One is that deflation doesn't just increase the real value of debt. It also increases the real value of our cash holdings; this is the so-called Pigou effect. Many of us would therefore enjoy an increase in our real wealth if prices fall. This wouldn't wholly offset the rising value of debt, simply because households' aggregate debt is bigger than their bank deposits. But it's a large mitigation.

Also, deflation can be a sign of lower costs of production and technical progress, both of which are wholly good things. If the oil price were, say, to halve, overall consumer prices would probably fall. Few of us would mourn this.

What's more, we have seen lots of deflation in large parts of the economy. Prices of goods such as smart phones, sat navs and e-readers have fallen from an infinite level - you couldn't have bought them at any price a few years ago - to affordable ones now. That's a massive rate of deflation, and a very welcome one.

This experience also tells us that falling prices don't cause consumers to delay spending. People rush to buy iPhones even though they know that a better version will come out a few months later. In fact, deflation might even boost spending; if consumers believe it is only temporary, they'll increase their buying to take advantage of temporarily low prices.

So, theory tells us that inflation might or might not be a bad thing.

But theory isn’t everything. We also have history. Before 1939, deflation was common. According to the Bank of England’s database, there were 50 calendar years between 1830 and 1939 in which consumer prices fell.

To get an idea of the consequences of this, I looked at what happened to GDP in the year after these deflationary years. And the results are encouraging. On average in the year after a fall in prices, real GDP grew by 2.6 per cent. By contrast, in the years after non-deflationary years (when consumer prices were flat or rising), GDP grew by an average of only 1.1 per cent. Taking all the years from 1830 to 1939 together, there's a statistically significant negative correlation (of minus 0.36) between the inflation rate in one year and real GDP growth the next.
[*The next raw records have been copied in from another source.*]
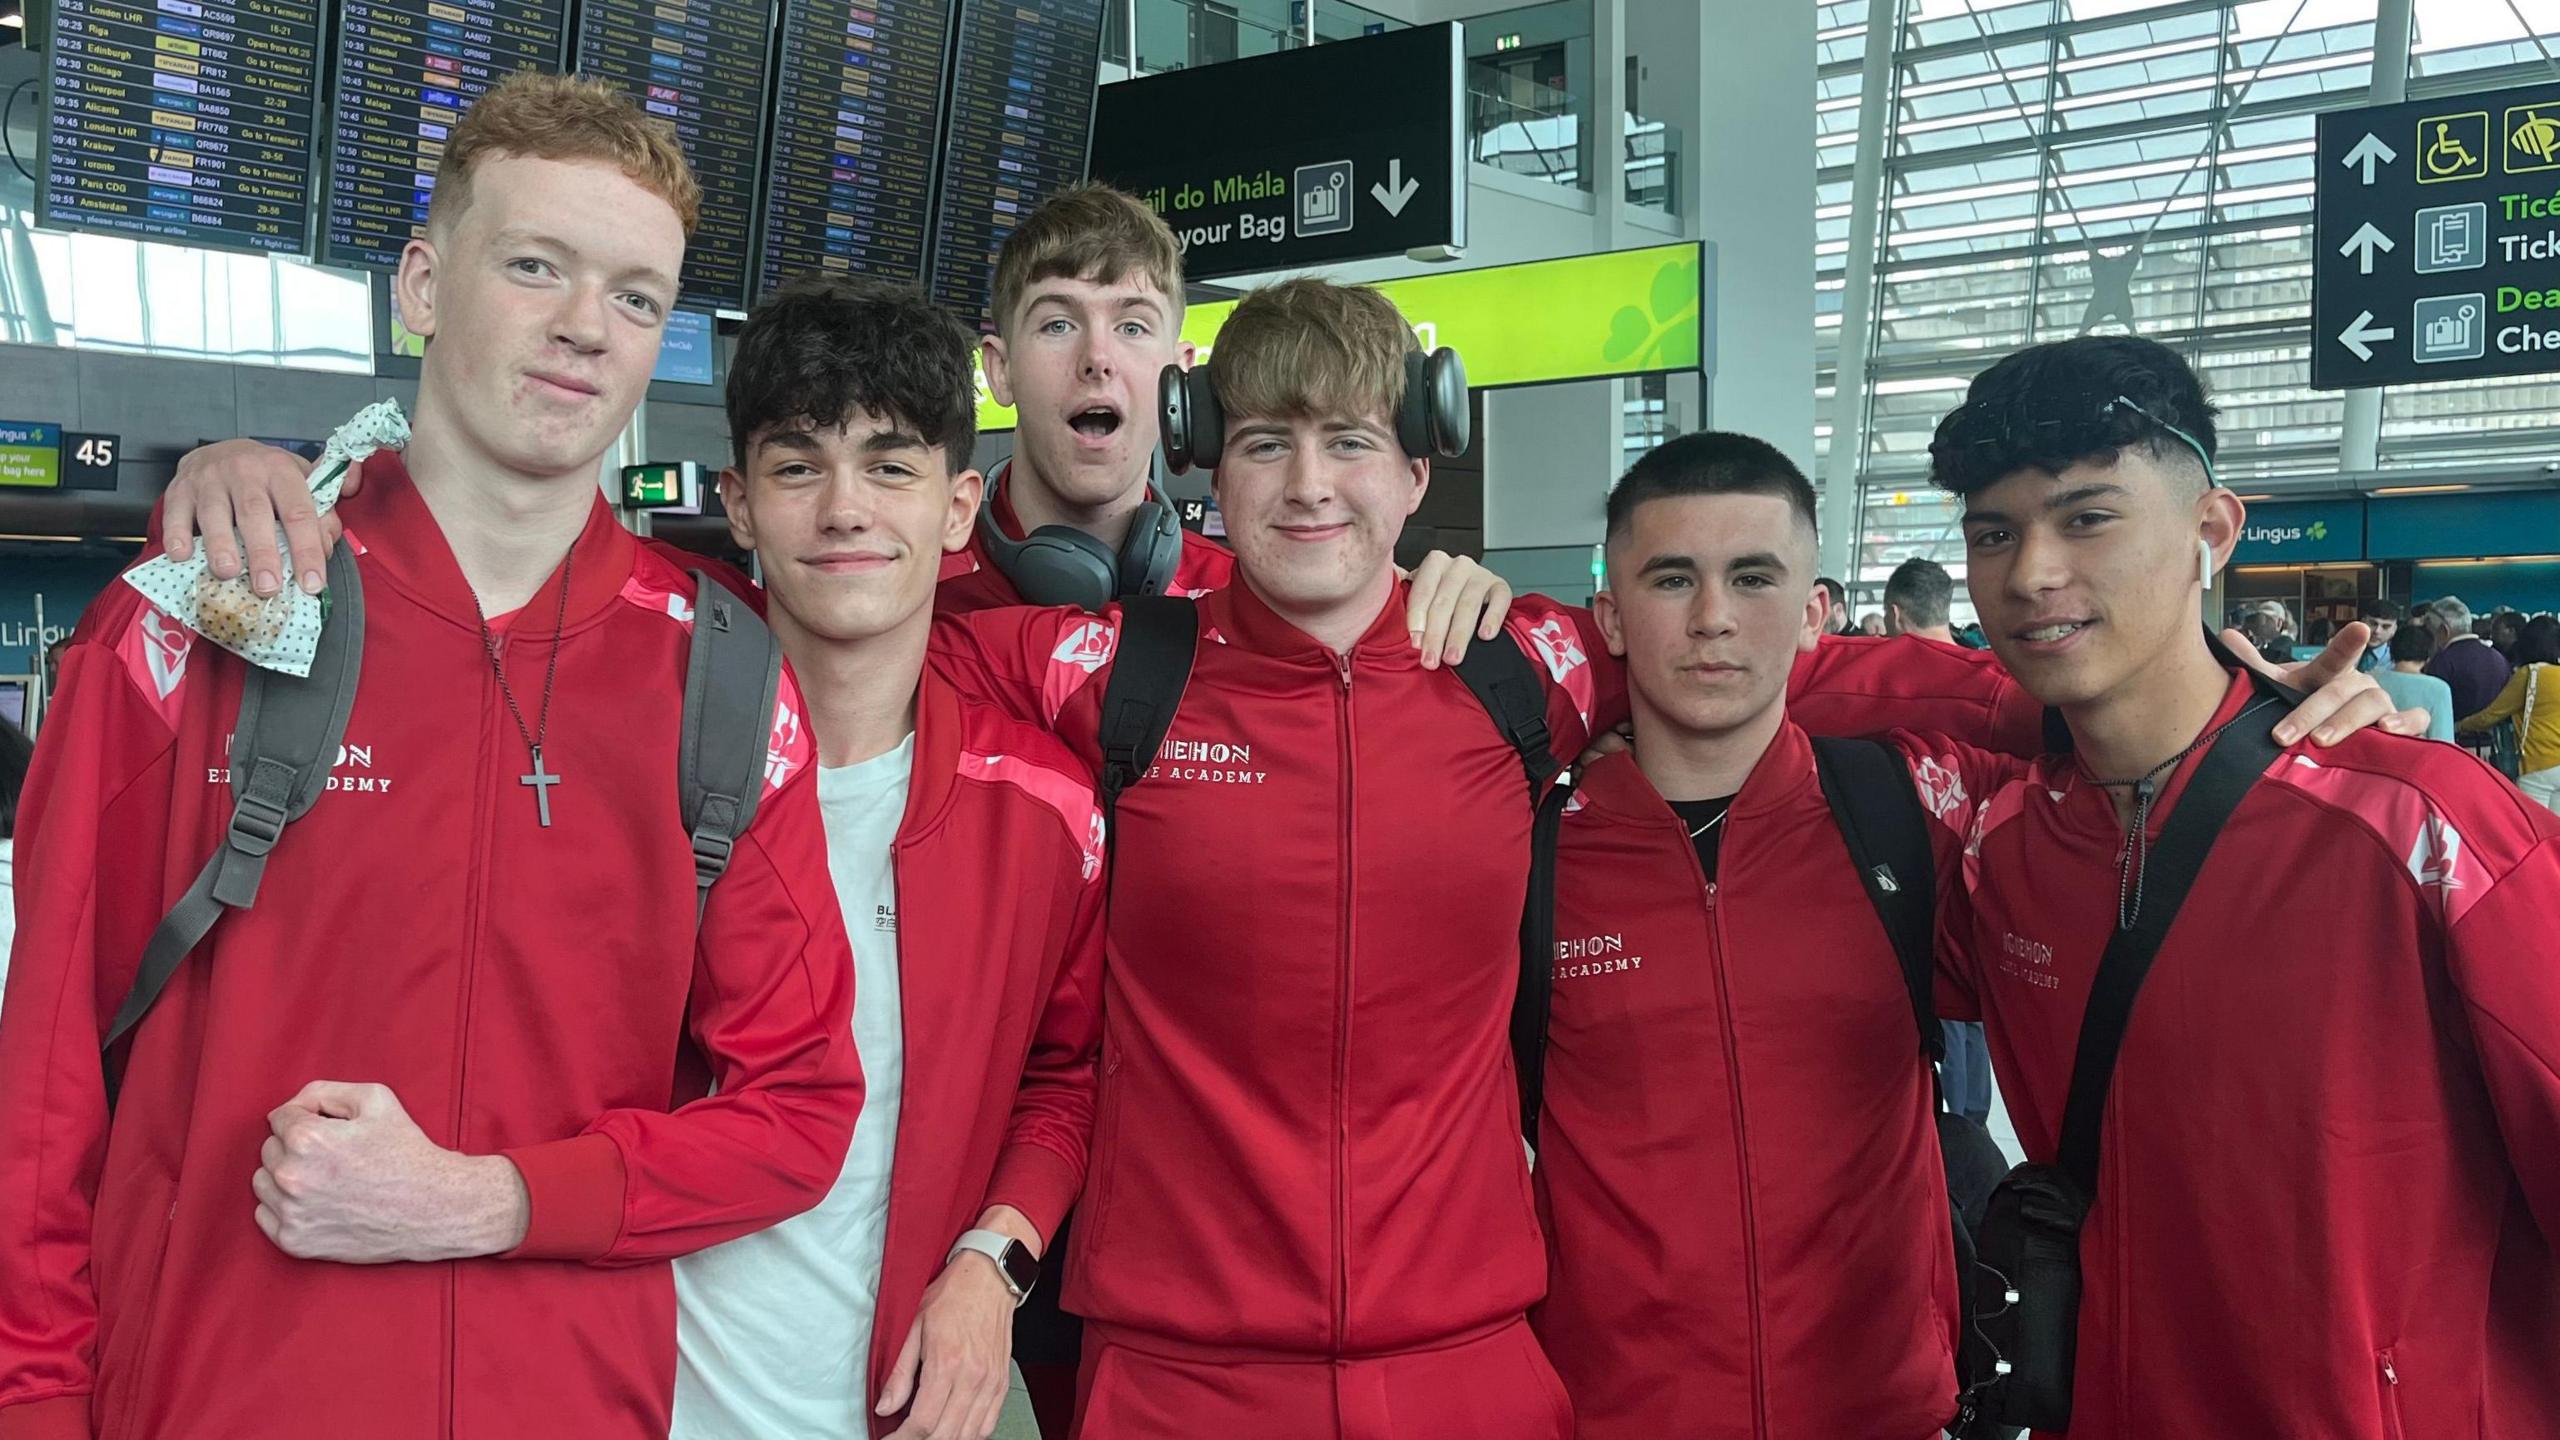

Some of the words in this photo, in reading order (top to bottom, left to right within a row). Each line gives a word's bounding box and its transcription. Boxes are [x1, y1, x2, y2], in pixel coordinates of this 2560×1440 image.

[90, 5, 121, 19] London
[58, 18, 82, 31] 09:25
[88, 24, 108, 36] Riga
[56, 38, 82, 50] 09:25
[247, 38, 268, 49] Open
[270, 42, 287, 53] from
[88, 44, 132, 60] Edinburgh
[56, 57, 81, 70] 09:30
[87, 63, 122, 78] Chicago
[55, 77, 80, 89] 09:30
[86, 82, 126, 98] Liverpool
[54, 96, 79, 108] 09:35
[85, 101, 120, 116] Alicante
[54, 116, 78, 128] 09:45
[84, 120, 116, 134] London
[52, 134, 78, 146] 09:45
[83, 140, 115, 153] Krakow
[50, 174, 76, 186] 09:50
[81, 178, 104, 190] Paris
[1174, 184, 1205, 210] do
[1213, 170, 1286, 206] Mhála
[80, 198, 128, 213] Amsterdam
[1178, 223, 1232, 255] your
[1239, 214, 1286, 242] Bag
[2498, 230, 2560, 262] Tick
[2496, 324, 2560, 354] Che
[10, 453, 32, 464] your
[76, 440, 113, 468] 45
[4, 465, 22, 478] bag
[24, 466, 46, 477] here
[1185, 503, 1202, 521] 54
[2248, 526, 2301, 545] Lingus
[1170, 767, 1266, 784] ACADEMY
[326, 777, 392, 793] DEMY
[1560, 956, 1642, 979] ACADEMY
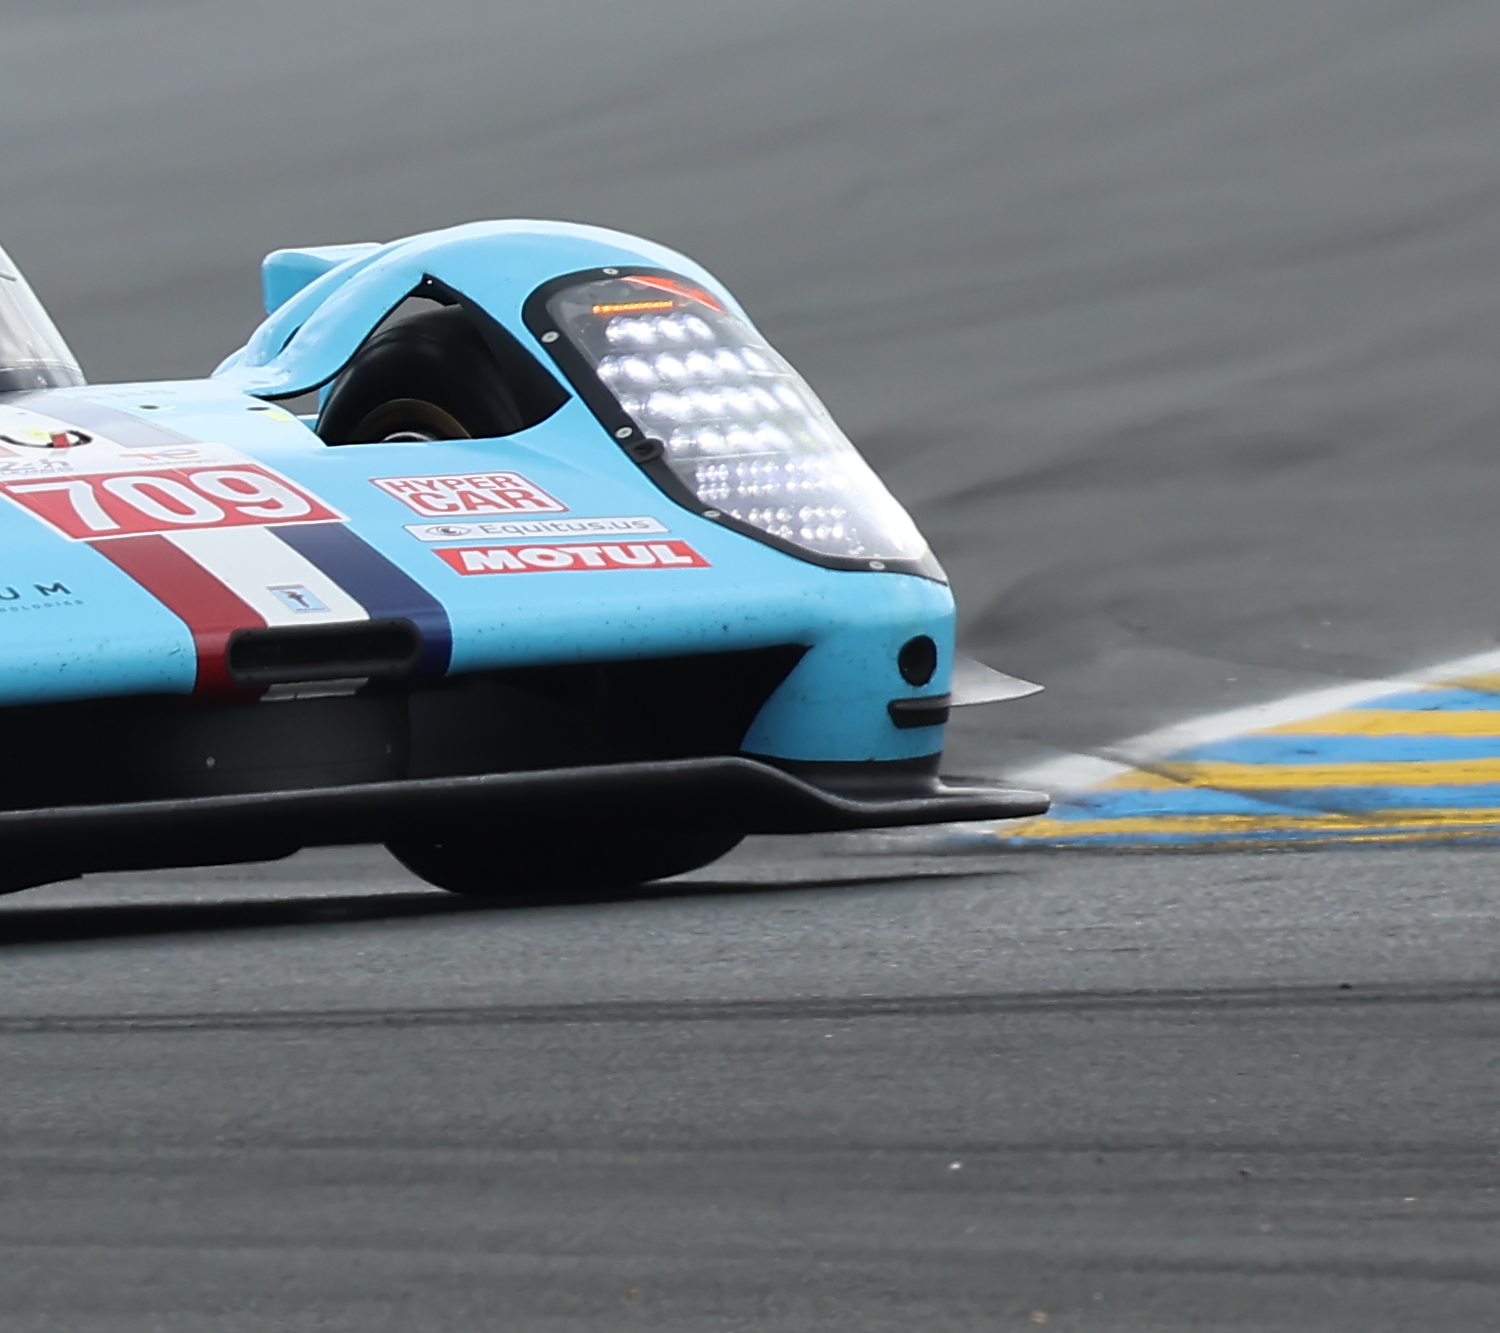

Yes, deflation sometimes led to recession; it did so in seven of the 50 years. But inflation was more likely to do so; GDP fell in 15 of the 59 years in which prices did not fall.

History, then, is clear. Deflation doesn't do great harm. If anything, the opposite. Our fear of it might be because we are mistaking symptoms for the disease. The big problem is weak demand and mass unemployment in the euro area, and deflation would be an effect of this.

You might object that this inference is too hasty. In the 19th century deflation was much more familiar than it is now and so it created little uncertainty. And levels of consumer debt then were lower. On both counts, deflation could do more damage now than it did then.

However, there's one contemporary fact that's also consistent with the UK's historic experience. There are five countries in the EU where consumer prices are now falling: Greece, Bulgaria, Hungary, Poland and Spain. On average, these five economies are actually doing slightly better than average; in the last 12 months, industrial production in them has risen by an (unweighted) average of 0.9 per cent, compared to 0.6 per cent for the EU as a whole. On its own, this isn't terribly significant. But taken with other evidence, it should lessen our fear of deflation.

But even if you disagree, and believe deflation is a threat, there is a simply policy solution to it. Oxford University's Simon Wren-Lewis says: "We have a tried and tested alternative means of getting output and inflation up besides monetary policy, and that is called fiscal policy." The danger, however, is that governments – in both the euro area and UK – might respond to the falling nominal tax revenues caused by deflation by tightening fiscal policy rather than loosening it.

This danger, though, merely tells us that what we have to fear is not so much deflation as idiotic policy-making.